The expected output is the full data, repeated exactly, without pictures.

== Supplied records

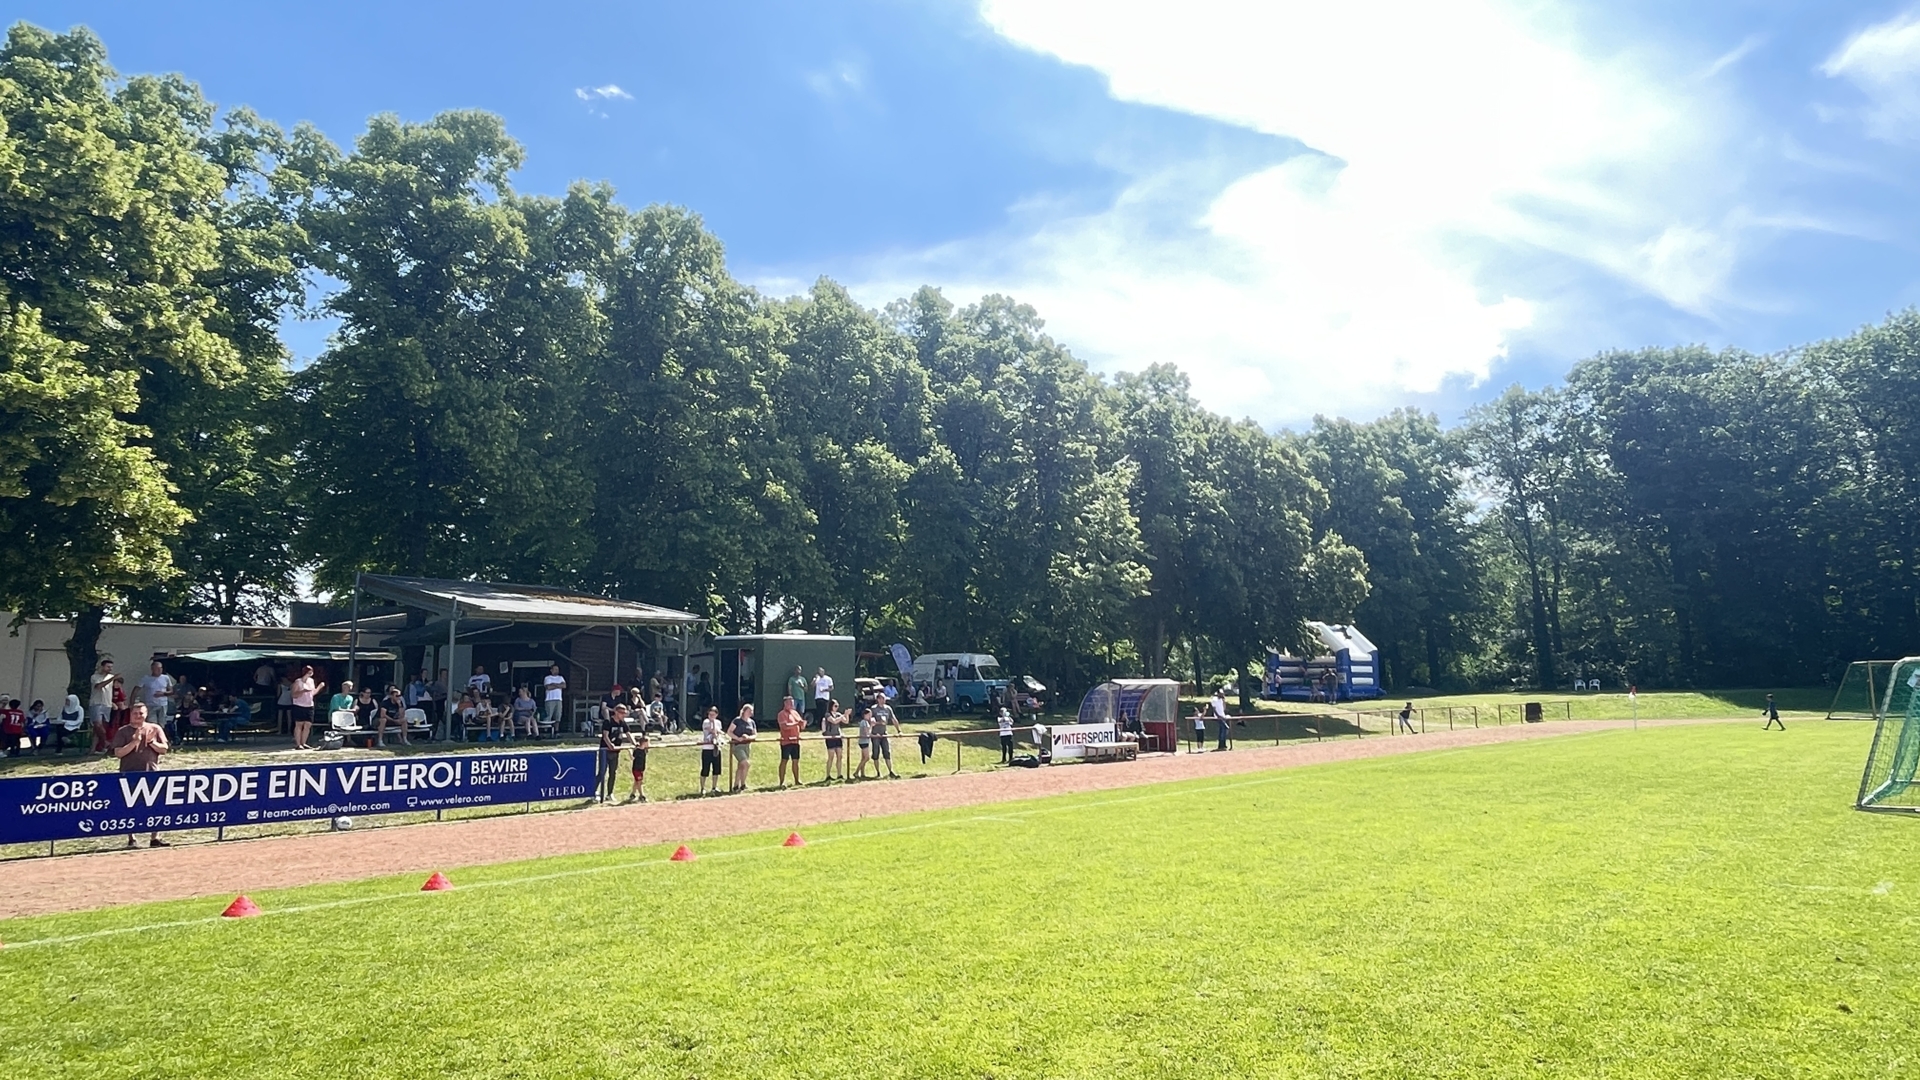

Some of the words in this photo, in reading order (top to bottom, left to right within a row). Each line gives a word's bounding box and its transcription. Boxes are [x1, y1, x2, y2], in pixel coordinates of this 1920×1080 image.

[1061, 731, 1114, 745] INTERSPORT
[470, 758, 529, 774] BEWIRB
[119, 771, 259, 808] WERDE
[268, 768, 327, 798] EIN
[336, 761, 462, 794] VELERO!
[470, 775, 496, 785] DICH
[498, 772, 528, 784] JETZT!
[36, 780, 98, 800] JOB?
[540, 785, 586, 798] VELERO
[20, 799, 111, 815] WOHNUNG?
[420, 794, 491, 806] www.velero.com
[263, 802, 391, 819] team-cottbus@velero.com
[99, 818, 136, 831] 0355
[146, 815, 171, 827] 878
[174, 813, 199, 825] 543
[204, 811, 226, 823] 132

====

▸ **Response below**:
Some of the words in this photo, in reading order (top to bottom, left to right within a row). Each line gives a word's bounding box and its transcription. Boxes are [x1, y1, x2, y2], in pixel coordinates of this 1920×1080 image.

[1061, 731, 1114, 745] INTERSPORT
[470, 758, 529, 774] BEWIRB
[119, 771, 259, 808] WERDE
[268, 768, 327, 798] EIN
[336, 761, 462, 794] VELERO!
[470, 775, 496, 785] DICH
[498, 772, 528, 784] JETZT!
[36, 780, 98, 800] JOB?
[540, 785, 586, 798] VELERO
[20, 799, 111, 815] WOHNUNG?
[420, 794, 491, 806] www.velero.com
[263, 802, 391, 819] team-cottbus@velero.com
[99, 818, 136, 831] 0355
[146, 815, 171, 827] 878
[174, 813, 199, 825] 543
[204, 811, 226, 823] 132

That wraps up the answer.